Lo cierto es que nuestro pobre nochero, que asume la voz narradora en esta novela breve e inabarcable —y hay que atender a esto de “inabarcable”—, se verá de pronto, justo cuando sus horas de guardia acariciaban su final, se verá, decía, envuelto en la misión más alucinada que médico alguno podría esperar: mantener con vida al hombre de acero, al gran Pinino. Herido a traición por el Pelado, herido con el verde vidrio del envase de una Heineken (nuestra kryptonita) clavado en su costado, nuestro héroe será llevado por el grupo de superamigos hasta el hospital donde, como bien dije, encontrarán como posible único salvador, al nochero. Lo que ocurra en ese hospital durante esa madrugada desaforada repleta de los mejores antihéroes —como era mi querido Gran Héroe Americano—, con guiños, tics, gestos que van de Carozo y Narizota a los lentos ochentosos, será una hermosa mescolanza ultra pop. Narración pura y libertaria.

Pero de todo aquello que podemos hablar hasta el cansancio sobre Kryptonita, lo que a mí más me ha conmovido, es, si se quiere, el carozo de la cuestión —que no Carozo y Narizota: como todos sabemos, el único elemento capaz de hacer mella en Superman es, precisamente, la kryptonita, los pedazos del planeta Kryptón que han caído a la Tierra junto con el héroe máximo. Es decir, son pedazos de su hogar, de su casa, lo único que puede destruirlo. Irse de casa como única salida, como única manera de sobrevivir. Al querido Pinino, al entrañable Nafta Súper, no le quedará más remedio que abandonar el barrio, la esquina, para poder, al fin, volar.
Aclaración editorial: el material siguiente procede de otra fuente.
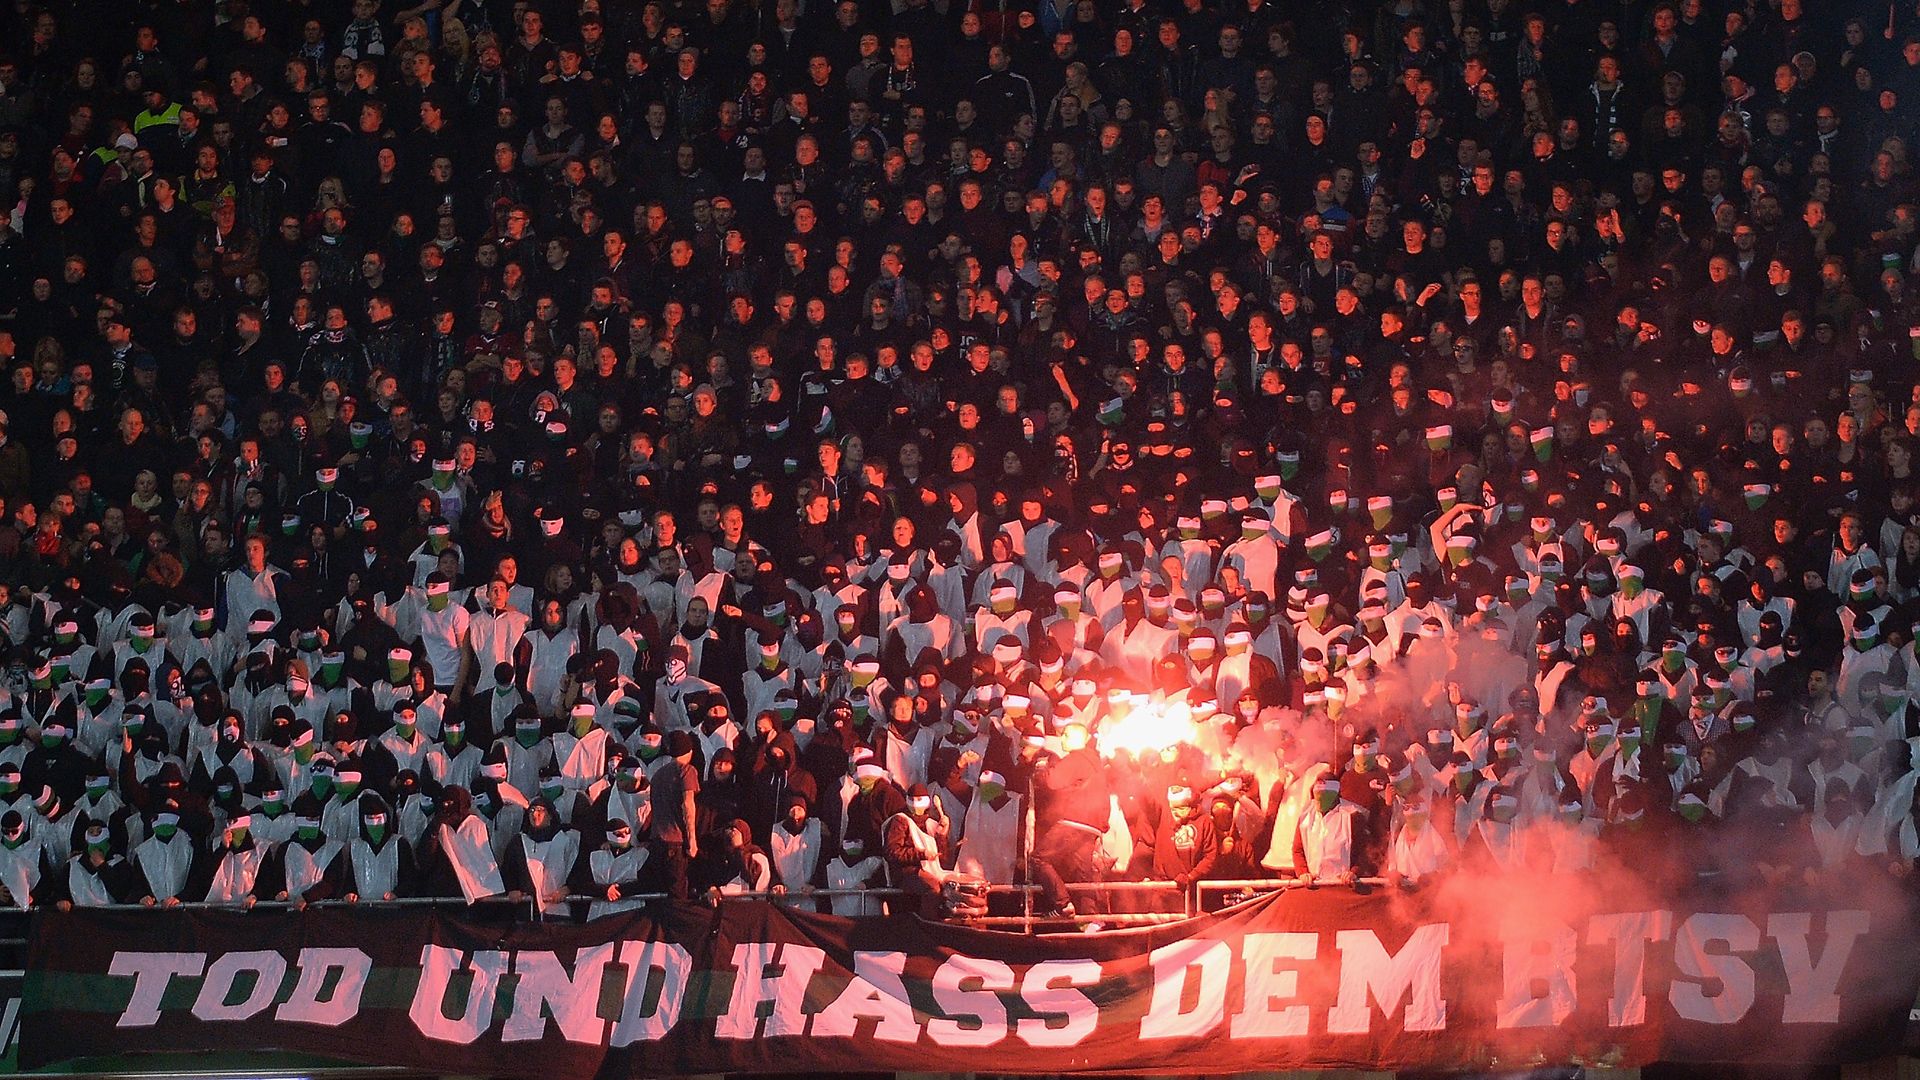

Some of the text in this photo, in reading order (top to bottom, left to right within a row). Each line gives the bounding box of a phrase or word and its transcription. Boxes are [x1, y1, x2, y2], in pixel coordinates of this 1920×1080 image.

[107, 948, 373, 1027] TOD
[408, 940, 693, 1047] UND
[715, 943, 1102, 1047] HASS
[1138, 922, 1450, 1040] DEM
[1496, 909, 1871, 1029] BTSV
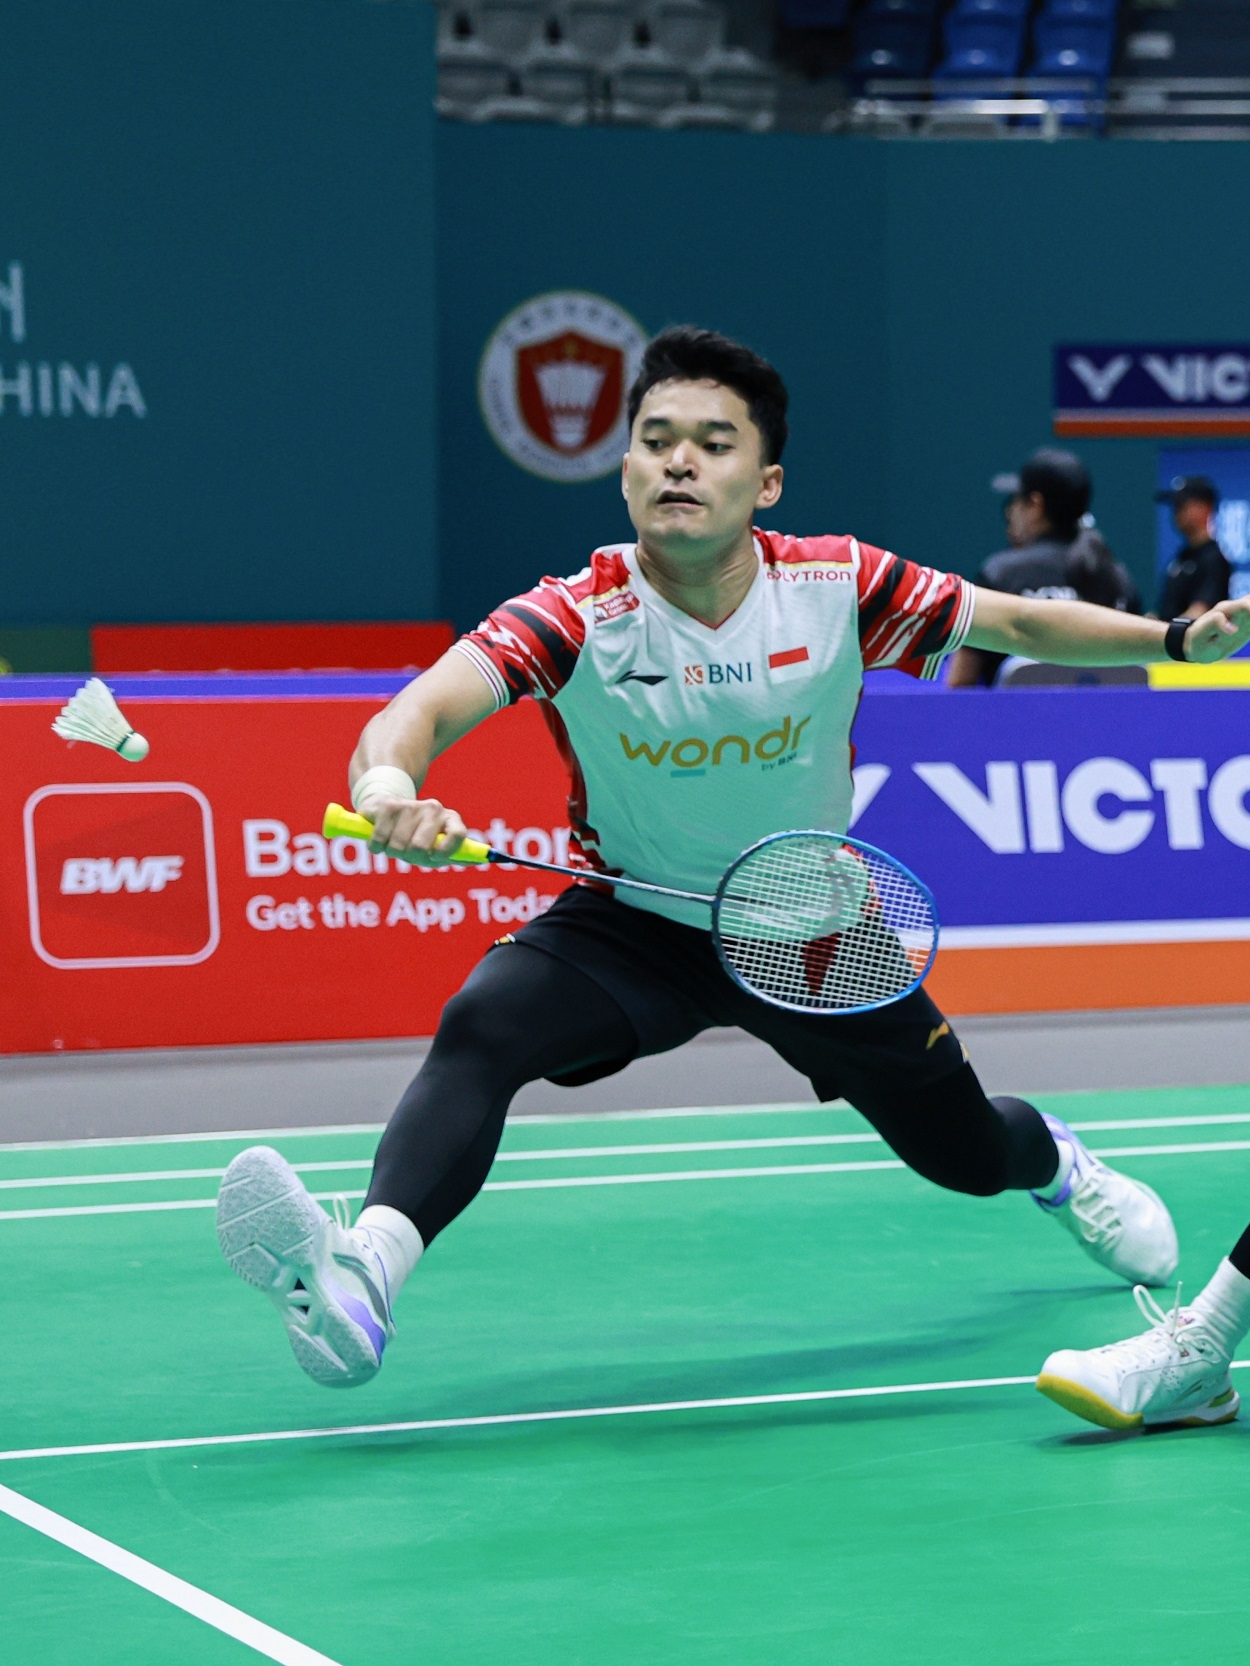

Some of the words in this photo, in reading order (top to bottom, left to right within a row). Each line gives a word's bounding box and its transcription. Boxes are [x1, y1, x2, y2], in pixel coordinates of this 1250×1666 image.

Hace unos días, el inefable y malquerido Salvador Bilardo, dijo en una entrevista que Messi, Lionel Messi, no es otro que Superman. No está para nada errado Bilardo, aunque es de suponer que lo usó en otro sentido. Cuentan que Messi, para poder ser Messi, para poder ser el Superman que vemos cada semana haciendo estragos en el fútbol español, no tuvo más remedio que irse del país, de la Argentina —de su hogar, podría decir si quisiera ponerme solemne; pero no quiero—, porque aquí —en plena crisis de 2001/2002— no había quien pudiera bancarle el tratamiento médico que le ayudaría a robustecer su cuerpo. Esa necesaria partida, como no podía ser de otra manera, se ha constituido en un arma de doble filo. En ningún lado Messi es tan vulnerable como en su propia casa. En ningún lado se maltrata tanto a Superman como en Argentina. Ahí están, Messi, embolado en el Monumental, y en el otro extremo Pinino, agonizando en un hospital mugriento del Conurbano. Por suerte, aunque a nuestros héroes les cueste tanto quedarse en casa, nos queda a nosotros el consuelo de Oyola y de la narrativa fiestera y arrolladora de Kryptonita, para calzarnos el traje una vez más, sin manual de instrucciones, y salir a volar como sólo es capaz de hacerlo un nochero drogado.


Leído generosamente -y con mucho histrionismo- por el súper-amigo Mariano Quirós en la presentación de la novela en la 12da. Feria del Libro de Chaco.